Disputes in defining the term "lesbian" along with enforced exclusions from lesbian events and spaces have been numerous. Some who hold a non-inclusionist attitude often make reference to strong, typically second-wave feminist ideas such as those of Mary Daly, who has described post-operative male-to-female (MTF) transsexuals as "'constructed women." They may attribute transsexualism to mechanisms of patriarchy or do not recognize a MTF transsexual's identification as female and lesbian. By defining "lesbian" through these views, they defend the non-inclusion of women with transsexual or transgender-backgrounds.
Inclusionists claim these attitudes are inaccurate and derive from fear and distrust, or that the motivations and attitudes of transgender or transsexual lesbians are not well understood, and so they defend the inclusion of transwomen into lesbianism and lesbian spaces.
One incident due to this divisiveness arose during the early 1990s in Australia, when the wider lesbian community raised money to purchase a building devoted to lesbian women called The Lesbian Space Project. Before the organization bought the building, a debate over inclusion of transwomen polarized the lesbian community, the building was later closed, the funds were invested and instead generated money for an annual Australian lesbian grants program called LInc (Lesbians Incorporated).
In Western societies, explicit prohibitions on women's homosexual behavior have been markedly weaker than those on men's homosexual behavior.
In the United Kingdom, lesbianism has never been illegal.
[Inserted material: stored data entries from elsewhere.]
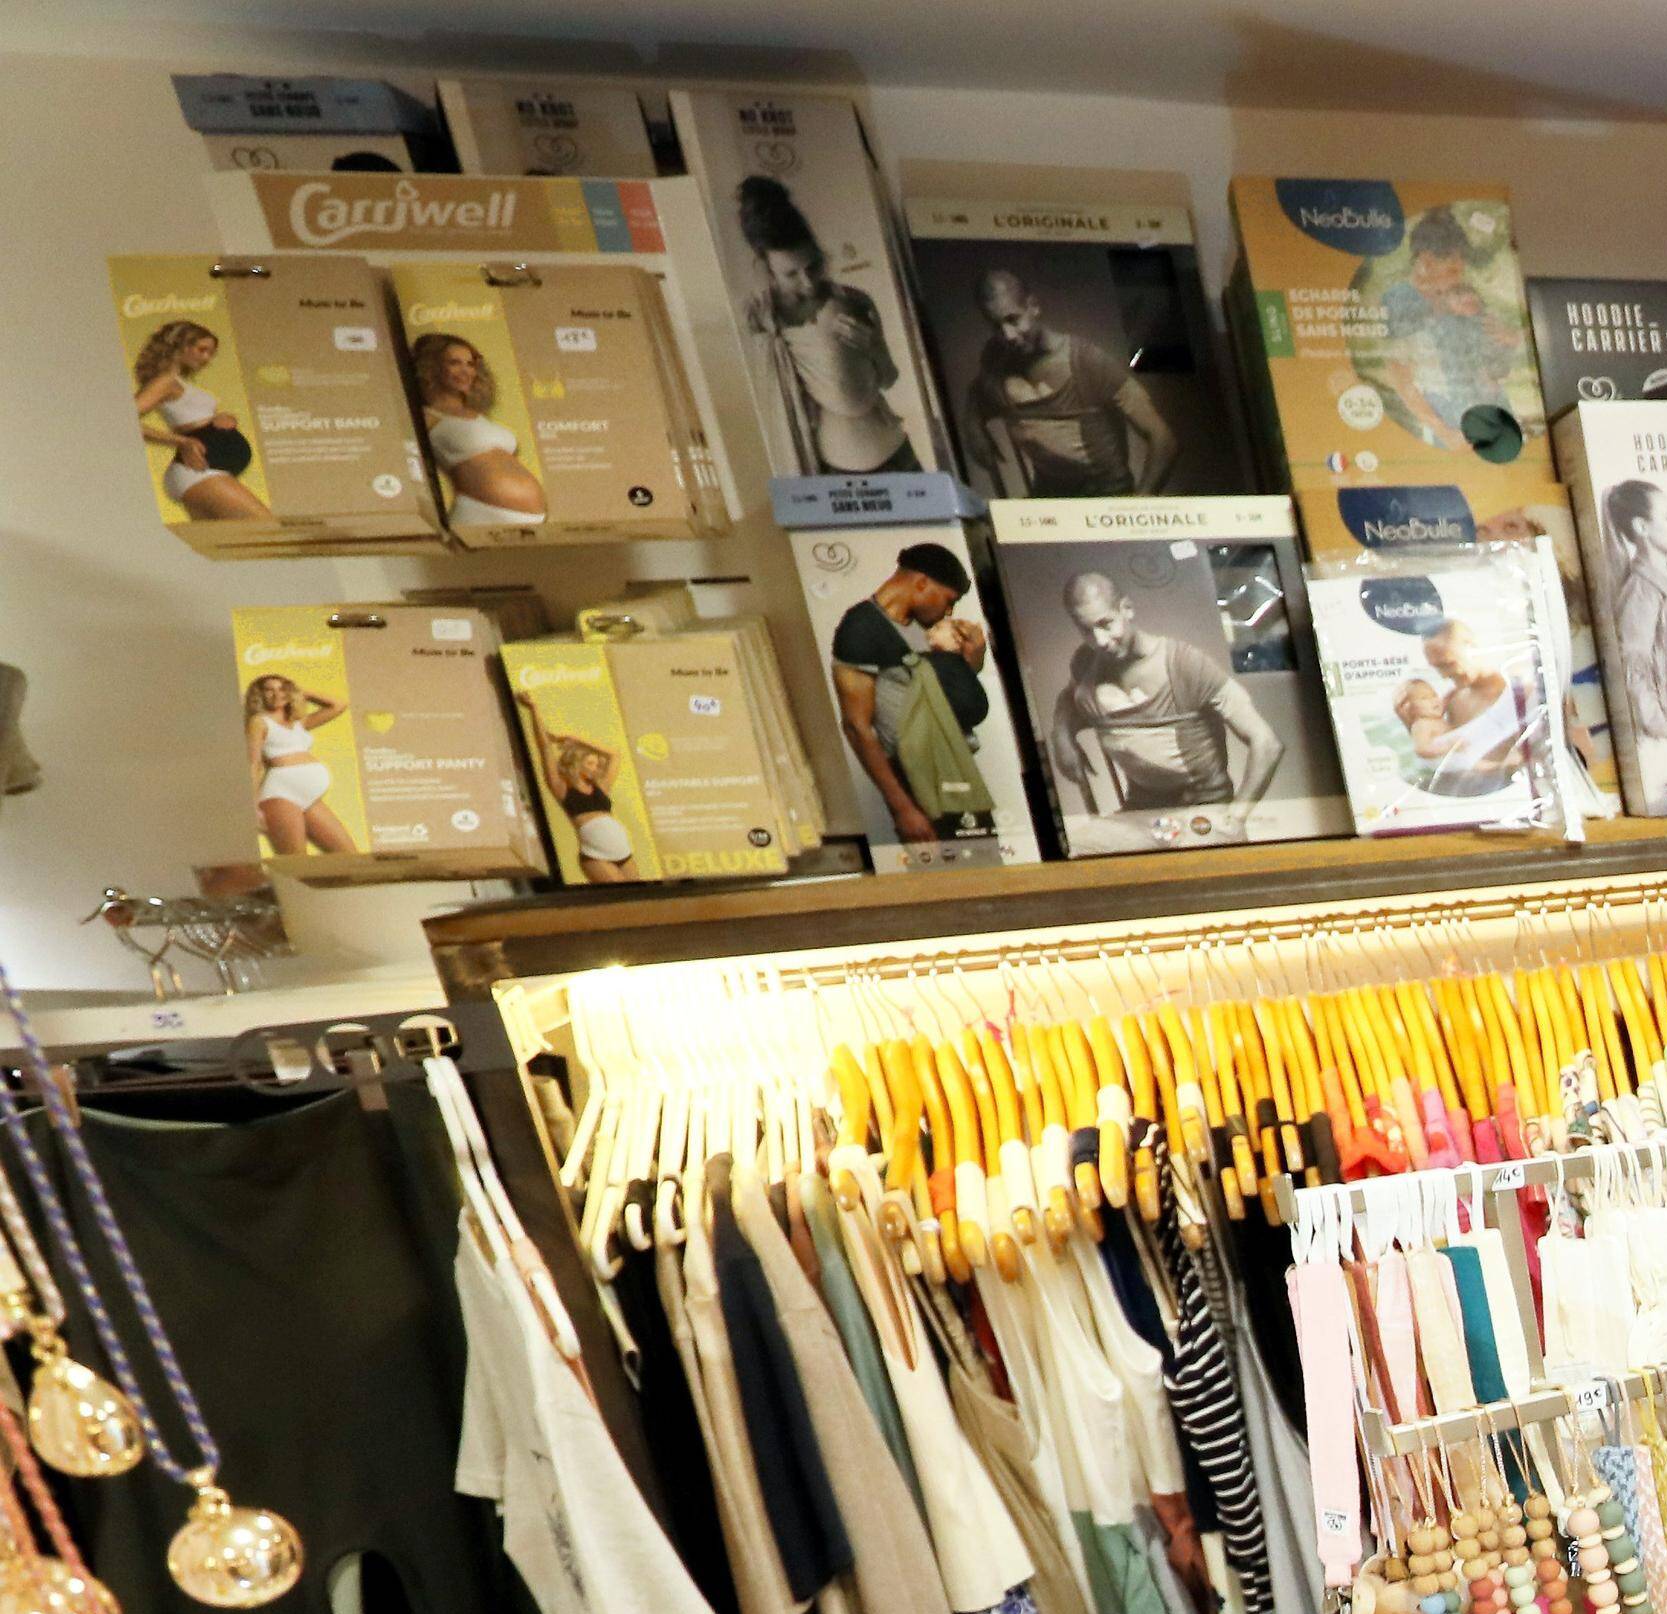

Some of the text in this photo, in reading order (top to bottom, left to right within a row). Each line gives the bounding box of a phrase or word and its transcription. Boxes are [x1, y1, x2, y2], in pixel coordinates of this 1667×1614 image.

[290, 181, 517, 246] Carriwell
[993, 214, 1110, 231] L'ORIGINALE
[1296, 324, 1338, 338] SANS
[260, 415, 380, 433] SUPPORT BAND
[537, 419, 609, 433] COMFORT
[1085, 511, 1209, 530] L'ORIGINALE
[364, 756, 485, 773] SUPPORT PANTY
[665, 850, 781, 875] DELUXE
In contrast, sexual activity between males was not made legal in England and Wales until 1967. It is said that lesbianism was left out of the Criminal Law Amendment Act of 1885 because Queen Victoria did not believe sex between women was possible, although this story may be apocryphal.[6] A 1921 proposal put forward by Frederick Macquisten MP to criminalize lesbianism was rejected by the House of Lords; during the debate, Lord Birkenhead, then Lord Chancellor argued that 999 women out of a thousand had "never even heard a whisper of these practices."[7]
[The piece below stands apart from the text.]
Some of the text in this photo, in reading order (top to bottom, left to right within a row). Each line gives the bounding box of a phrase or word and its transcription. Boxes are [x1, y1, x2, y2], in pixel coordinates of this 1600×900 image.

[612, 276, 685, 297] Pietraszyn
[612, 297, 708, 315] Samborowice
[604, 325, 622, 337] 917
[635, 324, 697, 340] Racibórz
In 1928, the lesbian novel The Well of Loneliness was banned for obscenity in a highly publicized trial, not for any explicit sexual content but because it made an argument for acceptance.[8] Meanwhile other, less political novels with lesbian themes continued to circulate freely,[9]
Jewish religious teachings condemn male homosexual behavior but say little about lesbian behavior. However, the approach in the modern state of Israel, with its largely secular Jewish majority, does not outlaw or persecute gay sexual orientation; marriage between gay couples is not sanctioned but common law status and official adoption of a gay person's child by his or her partner have been approved in precedent court rulings (after numerous high court appeals).
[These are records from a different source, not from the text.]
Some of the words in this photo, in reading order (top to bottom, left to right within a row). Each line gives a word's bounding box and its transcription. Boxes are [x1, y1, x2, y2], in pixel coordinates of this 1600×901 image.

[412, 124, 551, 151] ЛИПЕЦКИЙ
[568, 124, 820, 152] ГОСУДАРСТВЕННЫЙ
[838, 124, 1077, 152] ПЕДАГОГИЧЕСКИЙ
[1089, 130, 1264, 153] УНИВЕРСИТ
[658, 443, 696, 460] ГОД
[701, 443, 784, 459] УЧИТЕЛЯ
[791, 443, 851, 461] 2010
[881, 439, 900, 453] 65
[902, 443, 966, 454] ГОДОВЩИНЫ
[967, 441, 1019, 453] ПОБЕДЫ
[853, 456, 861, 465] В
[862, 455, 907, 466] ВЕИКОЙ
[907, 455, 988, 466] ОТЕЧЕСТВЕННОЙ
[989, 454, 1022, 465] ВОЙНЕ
Western-style homosexuality is rarely tolerated elsewhere in the Muslim world, with the possible exception of Turkey. It is punishable by imprisonment, lashings, or death in Saudi Arabia and Yemen. Though the law against lesbianism in Iran has reportedly been revoked or eased, prohibition of male homosexuality remains.
Family issues were significant concerns for lesbians when gay activism became more vocal in the 1960s and 1970s. Custody issues in particular were of interest since often courts would not award custody to mothers who were openly homosexual.
Also, many lesbian couples seek to have children through adoption, domestically or internationally, or provide a home as a foster parent, but this is not legal in every country. Access to in vitro fertilization (IVF) treatments is also the subject of debate in many countries.